Dataset entries
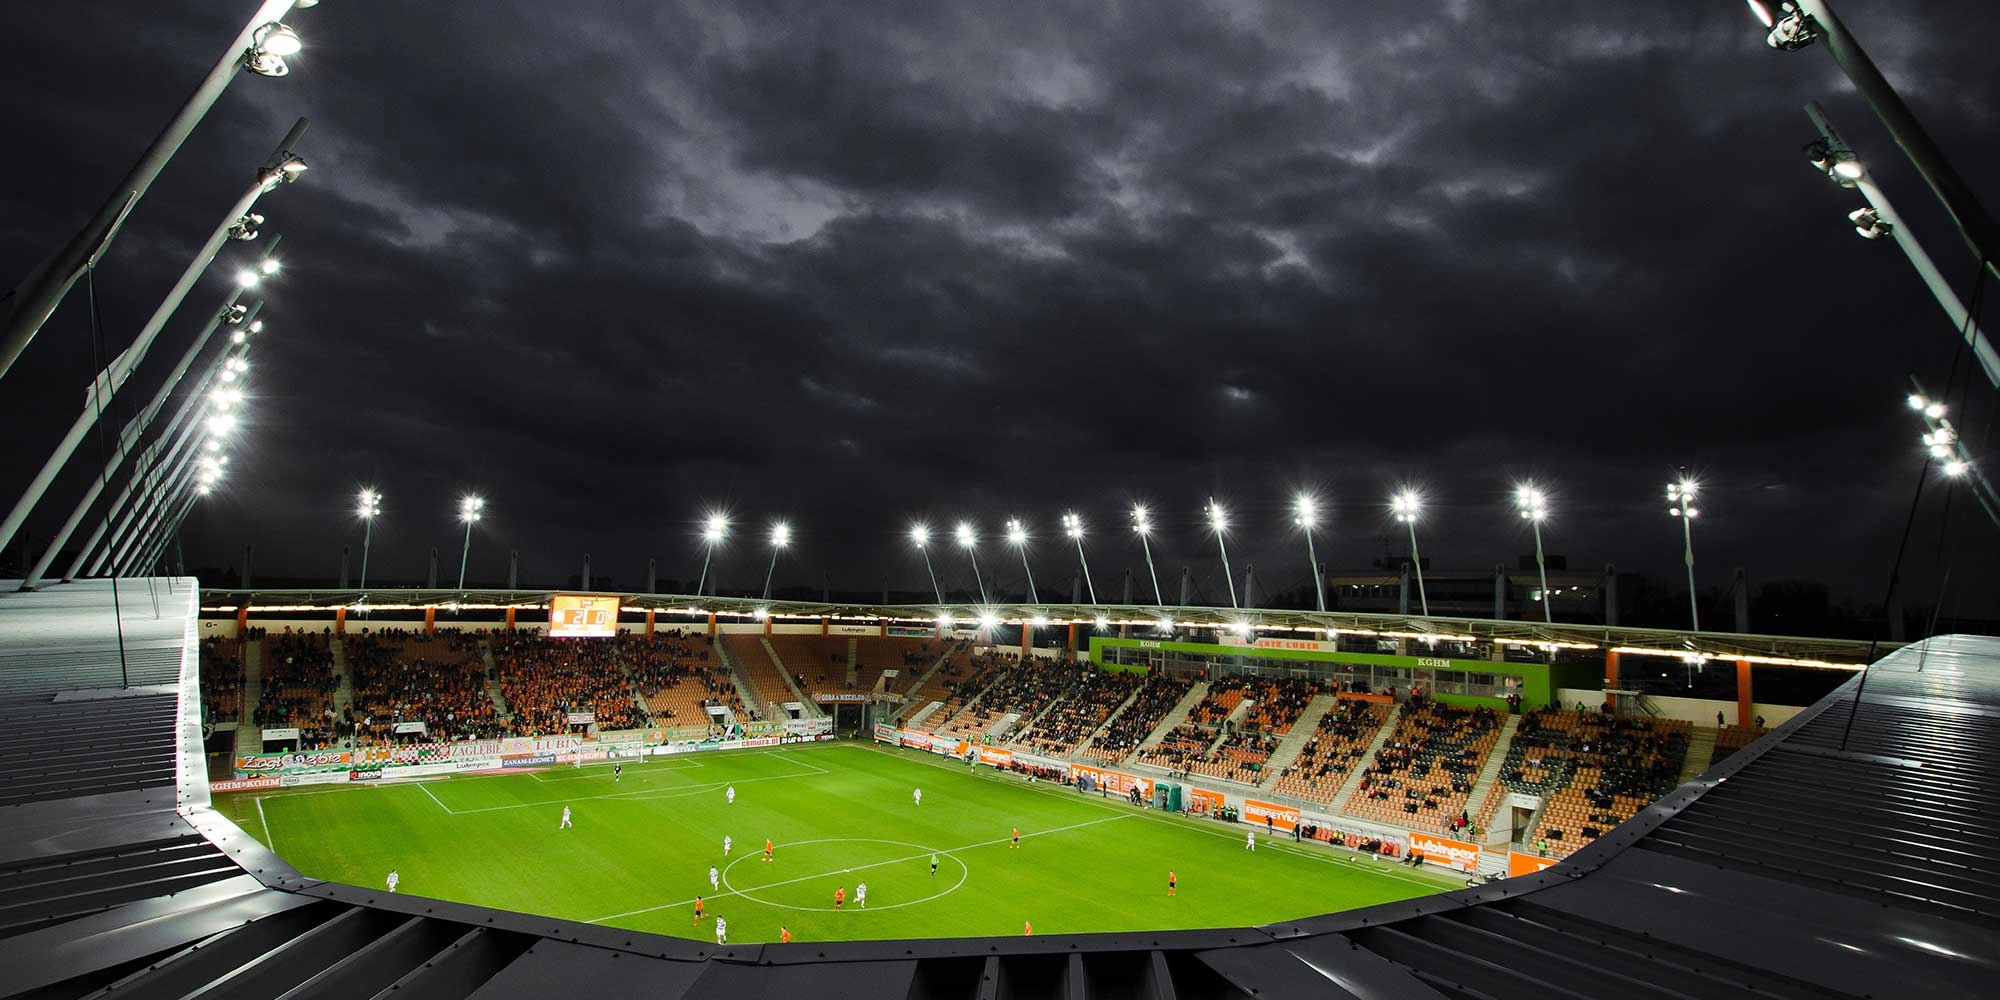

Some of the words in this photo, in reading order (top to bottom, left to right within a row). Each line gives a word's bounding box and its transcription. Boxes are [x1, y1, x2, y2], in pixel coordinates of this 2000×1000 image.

[573, 611, 584, 624] 2
[595, 611, 606, 624] 0
[1286, 641, 1318, 649] LUBIN
[1418, 658, 1451, 668] KGHM
[536, 739, 579, 751] LUBIN
[246, 778, 280, 788] KGHM
[1410, 836, 1476, 862] Lubinpex
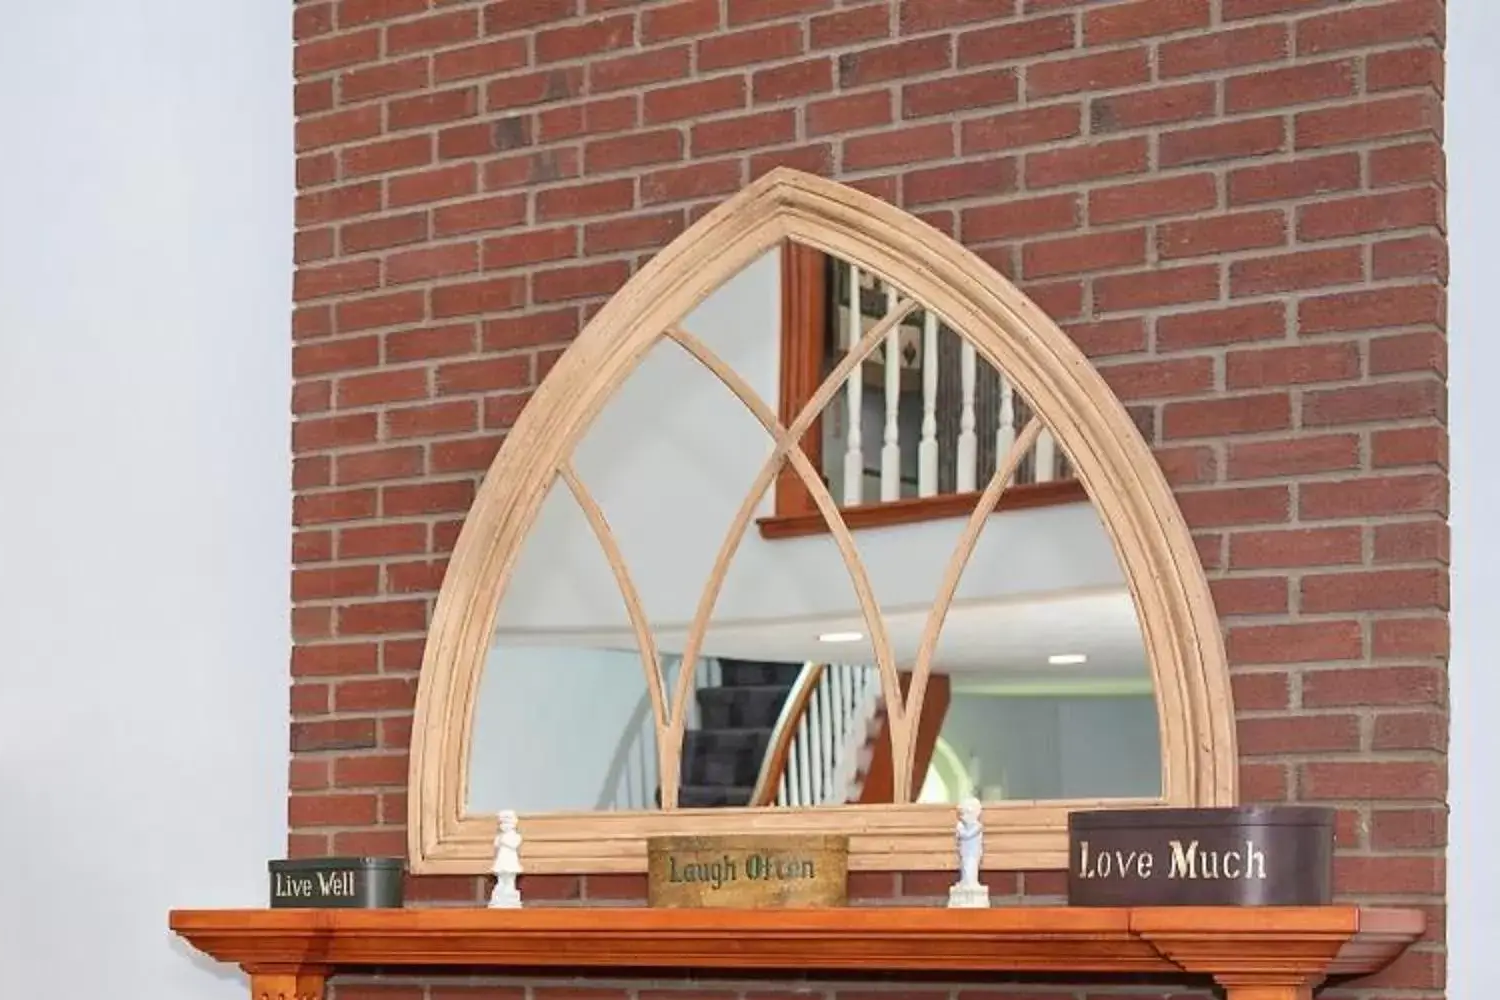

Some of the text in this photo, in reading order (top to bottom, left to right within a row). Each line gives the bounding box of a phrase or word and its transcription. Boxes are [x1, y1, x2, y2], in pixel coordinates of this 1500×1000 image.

[669, 853, 815, 888] Laugh Often
[1079, 840, 1267, 878] Love Much
[276, 871, 355, 896] Live Well
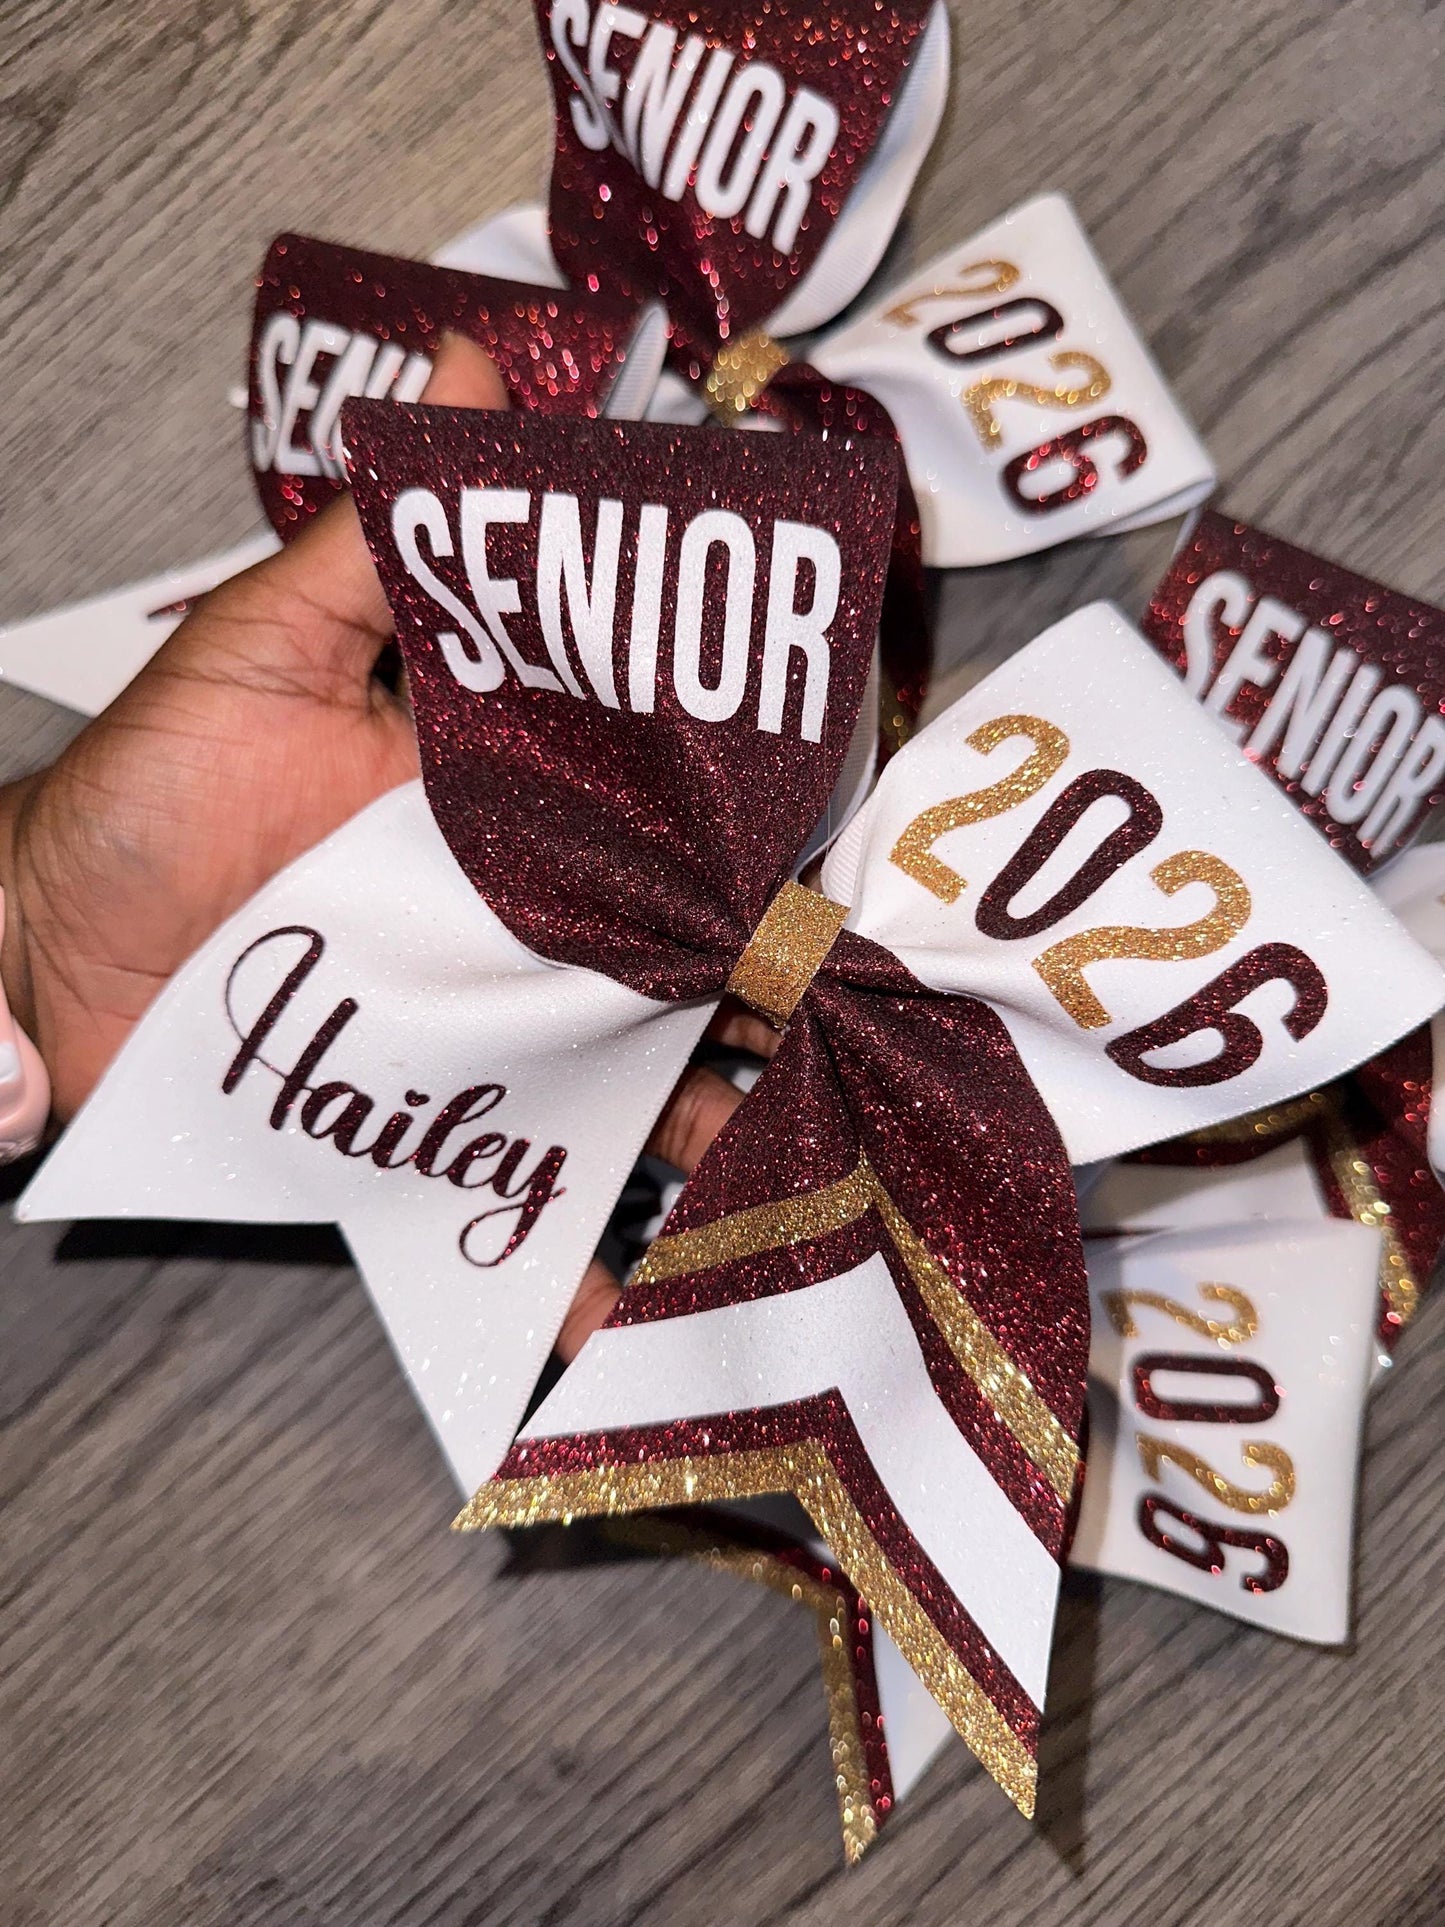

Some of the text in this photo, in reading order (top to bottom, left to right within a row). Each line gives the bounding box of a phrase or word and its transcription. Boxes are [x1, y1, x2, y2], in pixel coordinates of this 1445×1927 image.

[550, 0, 840, 257] SENIOR
[252, 312, 434, 480] SEN
[879, 259, 1148, 519] 2026
[391, 487, 842, 744] SENIOR
[1182, 569, 1445, 858] SENIOR
[888, 714, 1328, 1088] 2026
[221, 925, 567, 1267] Hailey
[1105, 1281, 1298, 1594] 2026

### The problem
Each entry above is to be written out again unchanged, apart from the pictures, which are left out.

### Result of the exercise
Some of the words in this photo, in reading order (top to bottom, left to right within a row). Each line gives a word's bounding box and its transcription. Boxes are [x1, y1, x2, y2], in pixel coordinates of this 2000×1000 image.

[573, 611, 584, 624] 2
[595, 611, 606, 624] 0
[1286, 641, 1318, 649] LUBIN
[1418, 658, 1451, 668] KGHM
[536, 739, 579, 751] LUBIN
[246, 778, 280, 788] KGHM
[1410, 836, 1476, 862] Lubinpex

Some of the text in this photo, in reading order (top to bottom, left to right within a row). Each line gives the bounding box of a phrase or word and its transcription. Boxes are [x1, y1, x2, y2], in pixel coordinates of this 1500×1000 image.

[669, 853, 815, 888] Laugh Often
[1079, 840, 1267, 878] Love Much
[276, 871, 355, 896] Live Well

Some of the text in this photo, in reading order (top to bottom, left to right within a row). Each line gives the bounding box of a phrase or word and its transcription. Boxes are [x1, y1, x2, y2], in pixel coordinates of this 1445×1927 image.

[550, 0, 840, 257] SENIOR
[252, 312, 434, 480] SEN
[879, 259, 1148, 519] 2026
[391, 487, 842, 744] SENIOR
[1182, 569, 1445, 858] SENIOR
[888, 714, 1328, 1088] 2026
[221, 925, 567, 1267] Hailey
[1105, 1281, 1298, 1594] 2026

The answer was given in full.